Recall the \(X\), \(Y\) \(Z\) Pauli Matrices:

\[\begin{equation} X = \begin{pmatrix} 0 && 1 \\ 1 && 0 \end{pmatrix} \end{equation}\]

\[\begin{equation} Y = \begin{pmatrix} 0 && -i \\ i && 0 \end{pmatrix} \end{equation}\]

\[\begin{equation} Z = \begin{pmatrix} 1 && 0 \\ 0 && -1 \end{pmatrix} \end{equation}\]

The eigenvalues of all 3 matrices are \(\{+1, -1\}\). Calculate the eigenvectors for yourself.

Composite Systems

Consider what happens when the transformation \(X_1 Z_2\) is applied to a two qubit system. \(X\) and \(Z\) are Pauli matrices and the 1 subscript on \(X\) is used to denote that the matrix acts on only the first qubit. Similarly for \(Z_2\). Lets see how this transformation will affect the 4 computational basis vectors:

\[\begin{equation} 00 \xrightarrow{Z_2} 00 \xrightarrow{X_1} 10 = \begin{pmatrix} 0 && 0 && 1 && 0 \end{pmatrix}^T \\ 01 \xrightarrow{Z_2} -01 \xrightarrow{X_1} -11 = \begin{pmatrix} 0 && 0 && 0 && -1 \end{pmatrix}^T \\ 10 \xrightarrow{Z_2} 10 \xrightarrow{X_1} 00 = \begin{pmatrix} 1 && 0 && 0 && 0 \end{pmatrix}^T \\ 11 \xrightarrow{Z_2} -11 \xrightarrow{X_1} -01 = \begin{pmatrix} 0 && -1 && 0 && 0 \end{pmatrix}^T \\ \end{equation}\]
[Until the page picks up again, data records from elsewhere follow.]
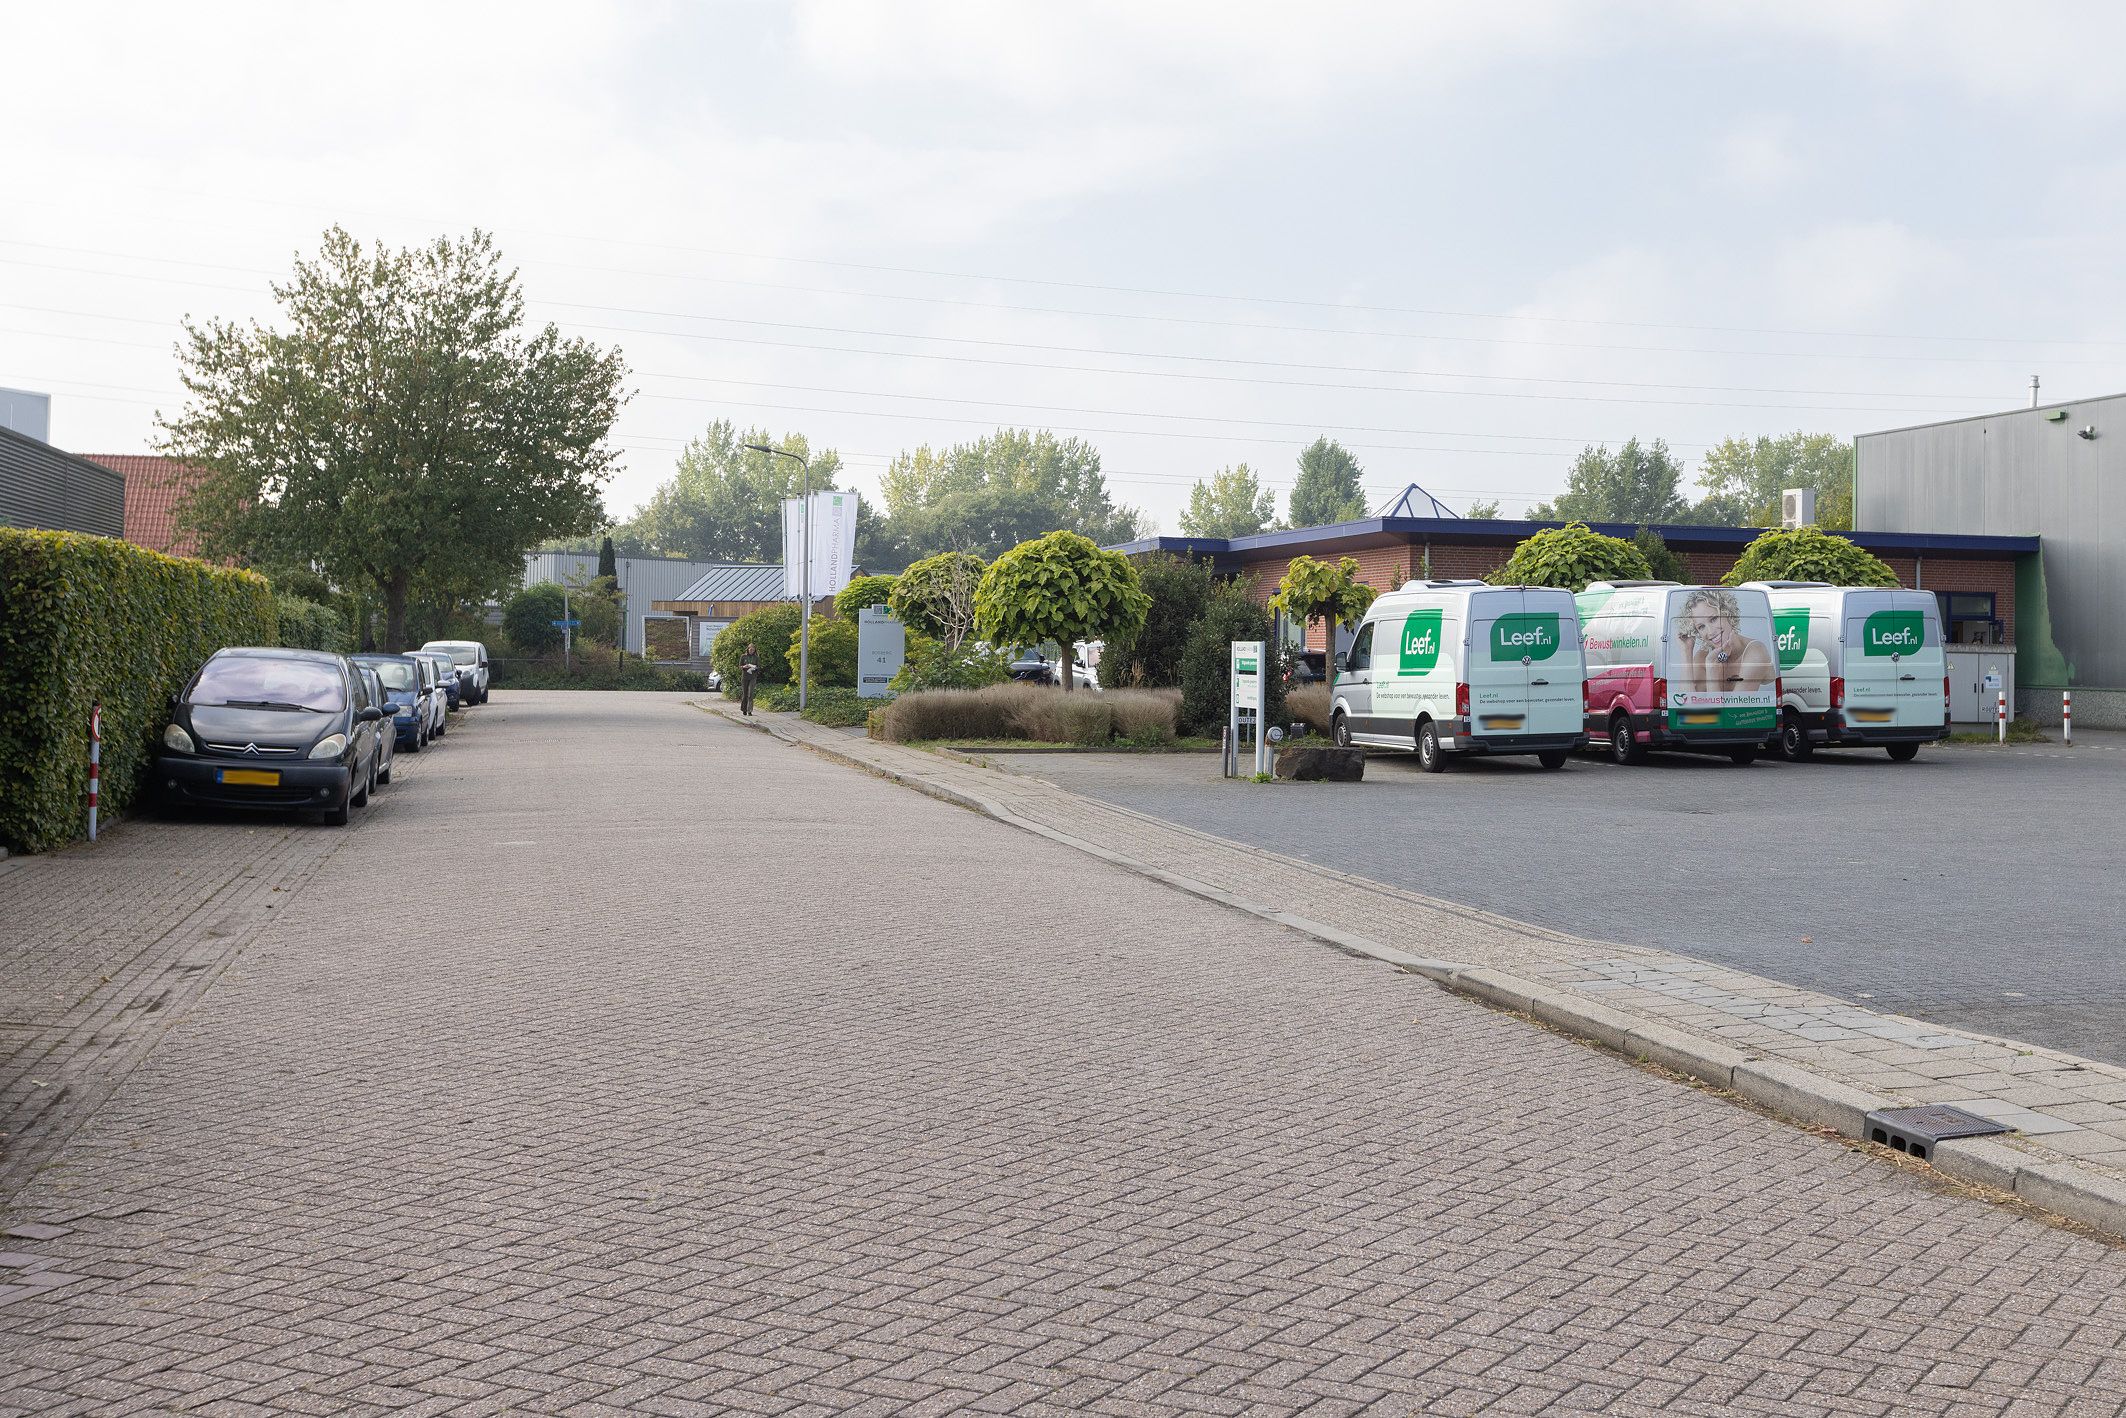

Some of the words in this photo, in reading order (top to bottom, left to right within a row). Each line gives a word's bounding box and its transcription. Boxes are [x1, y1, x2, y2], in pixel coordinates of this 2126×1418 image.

[829, 518, 840, 592] HOLLANDPHARMA
[1405, 629, 1435, 655] Leef.nl
[1501, 626, 1552, 646] Leef.nl
[1590, 635, 1649, 650] Bewustwinkelen.nl
[1778, 626, 1801, 651] ef.nl
[1872, 627, 1918, 645] Leef.nl
[1691, 695, 1771, 704] Bewustwinkelen.nl
The matrix corresponding to the transformation \(X_1 Z_2\) is thus given by stacking the column vectors as follows:

\[\begin{equation} M = \begin{pmatrix} 0 && 0 && 1 && 0 \\ 0 && 0 && 0 && -1 \\ 1 && 0 && 0 && 0 \\ 0 && -1 && 0 && 0 \end{pmatrix} \end{equation}\]
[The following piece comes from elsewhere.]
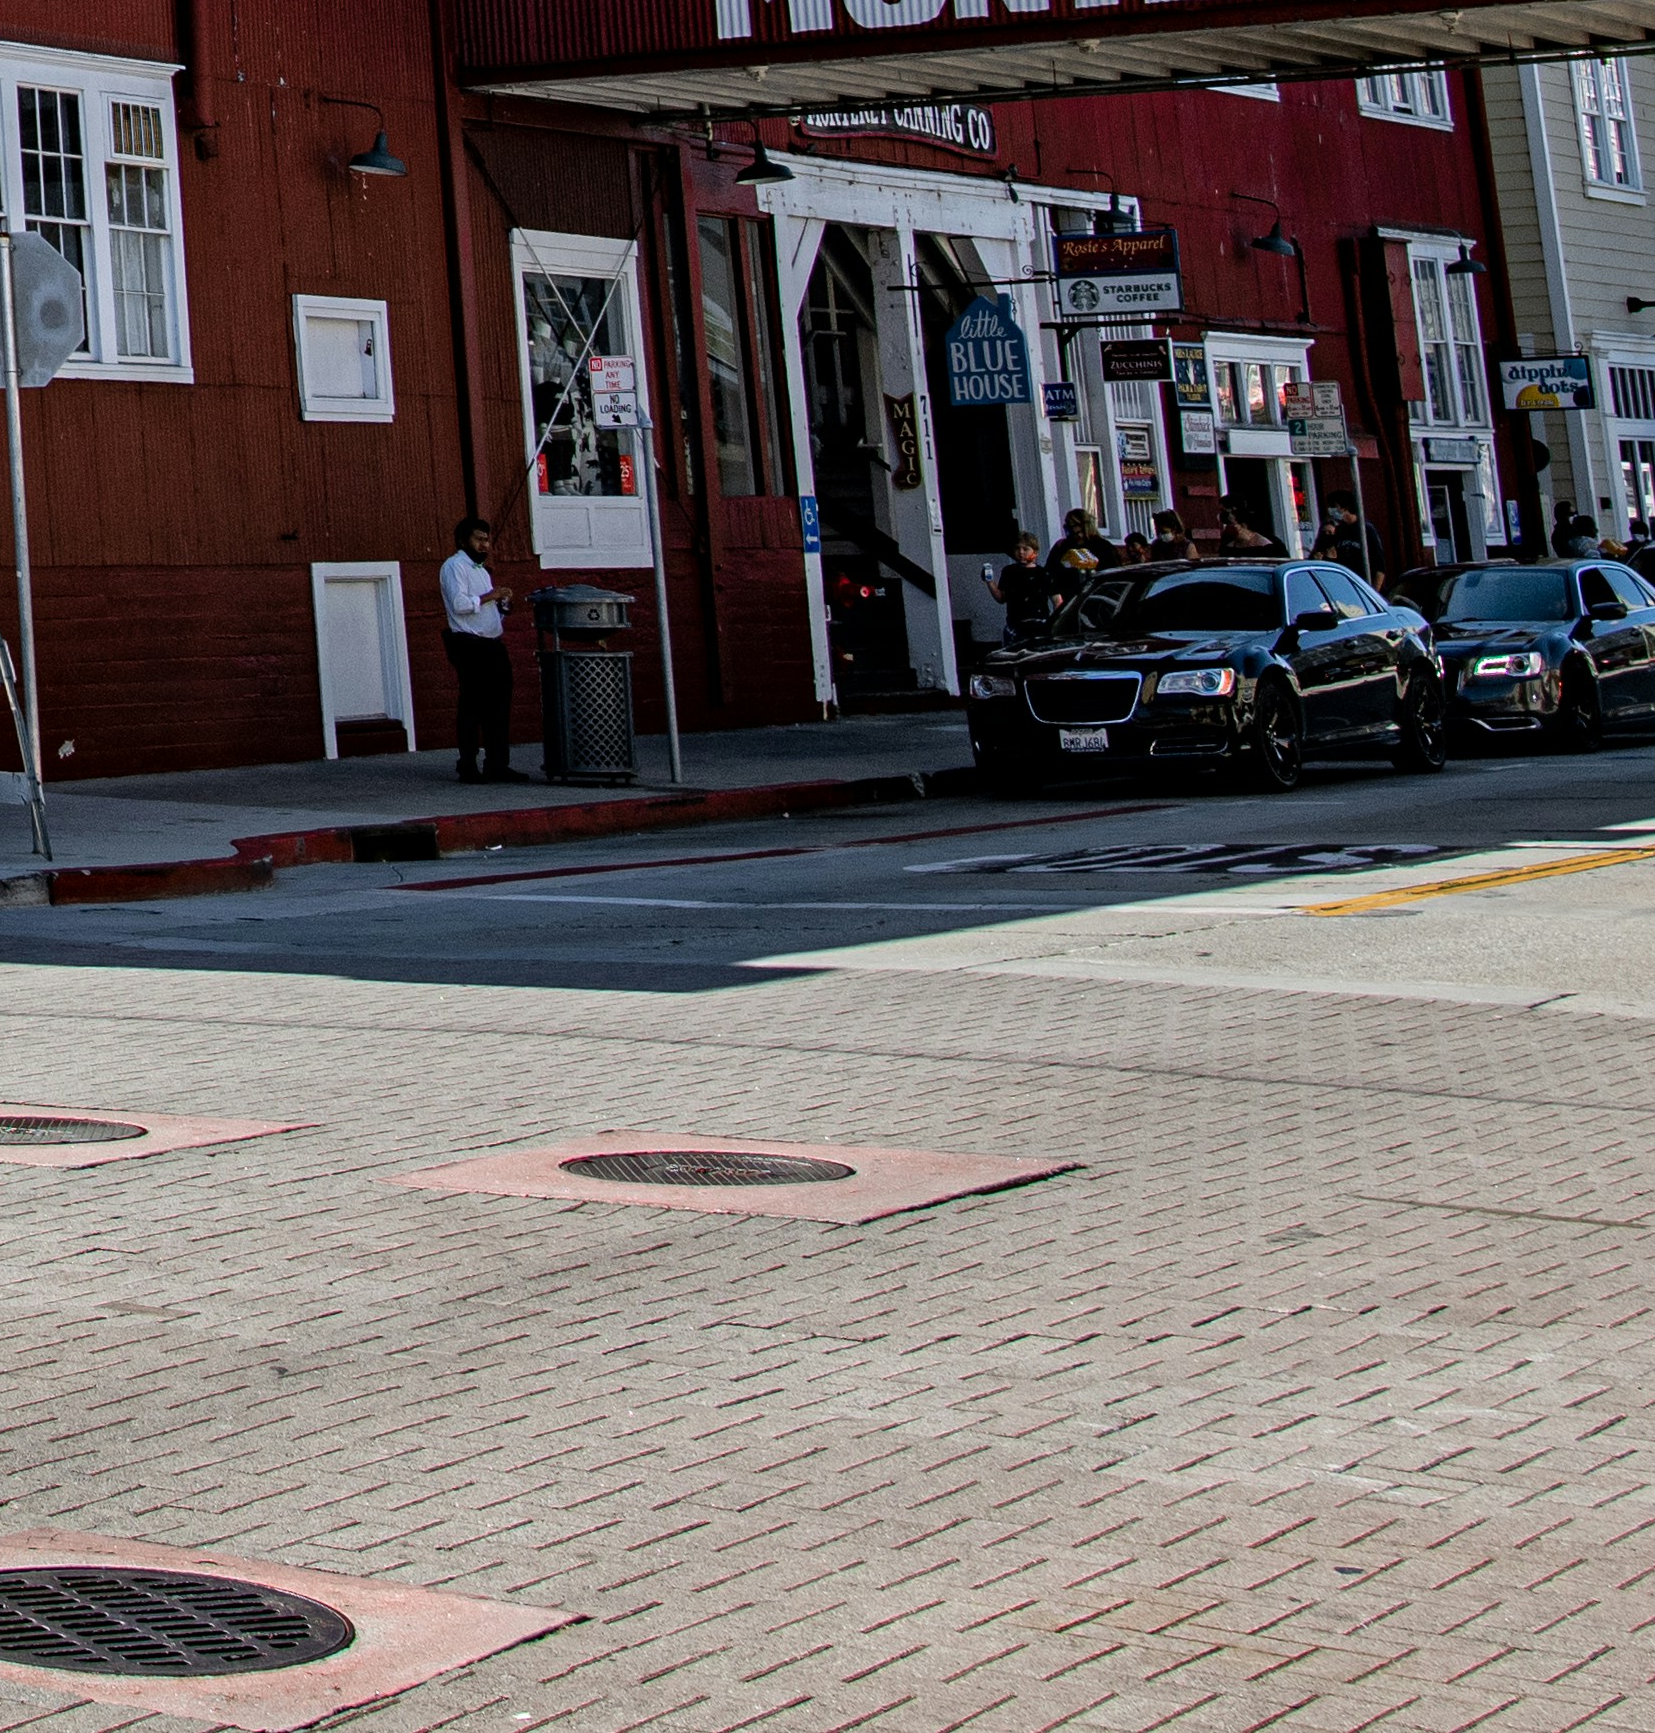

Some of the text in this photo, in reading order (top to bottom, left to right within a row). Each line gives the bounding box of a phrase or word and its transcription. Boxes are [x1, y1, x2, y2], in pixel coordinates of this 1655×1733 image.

Note that this matrix is equal to the tensor product of the \(X\) and \(Z\) matrices:

\[\begin{equation} M = \begin{pmatrix} 0 && 1 \\ 1 && 0 \end{pmatrix} \otimes \begin{pmatrix} 1 && 0 \\ 0 && -1 \end{pmatrix} \end{equation}\]

Suppose we have to find the matrix corresponding to \(X_2 Z_1\). Repeating the procedure above we will get

\[\begin{equation} 00 \xrightarrow{Z_1} 00 \xrightarrow{X_2} 01 = \begin{pmatrix} 0 && 1 && 0 && 0 \end{pmatrix}^T \\ 01 \xrightarrow{Z_1} 01 \xrightarrow{X_2} 00 = \begin{pmatrix} 1 && 0 && 0 && 0 \end{pmatrix}^T \\ 10 \xrightarrow{Z_1} -10 \xrightarrow{X_2} -11 = \begin{pmatrix} 0 && 0 && 0 && -1 \end{pmatrix}^T \\ 11 \xrightarrow{Z_1} -11 \xrightarrow{X_2} -10 = \begin{pmatrix} 0 && 0 && -1 && 0 \end{pmatrix}^T \\ \end{equation}\]

Thus

\begin{equation} M = \begin{pmatrix} 0 && 1 && 0 && 0 \\ 1 && 0 && 0 && 0 \\ 0 && 0 && 0 && -1 \\ 0 && 0 && -1 && 0 \end{pmatrix} \end{equation}

and we can check that this is same as the tensor product of \(Z\) and \(X\) matrices:

\[\begin{equation} M = \begin{pmatrix} 1 && 0 \\ 0 && -1 \end{pmatrix} \otimes \begin{pmatrix} 0 && 1 \\ 1 && 0 \end{pmatrix} \end{equation}\]

Observations

Lets go back to the \(X_1 Z_2\) matrix and now understand what happens when a measurement is made after applying this matrix. The matrix is referred to as an observable in this case. An observable is constrained to be a Hermitian operator:

Definition of Hermitian (aka self-adjoint) operator

\[\begin{equation} M = M ^ \dagger \end{equation}\]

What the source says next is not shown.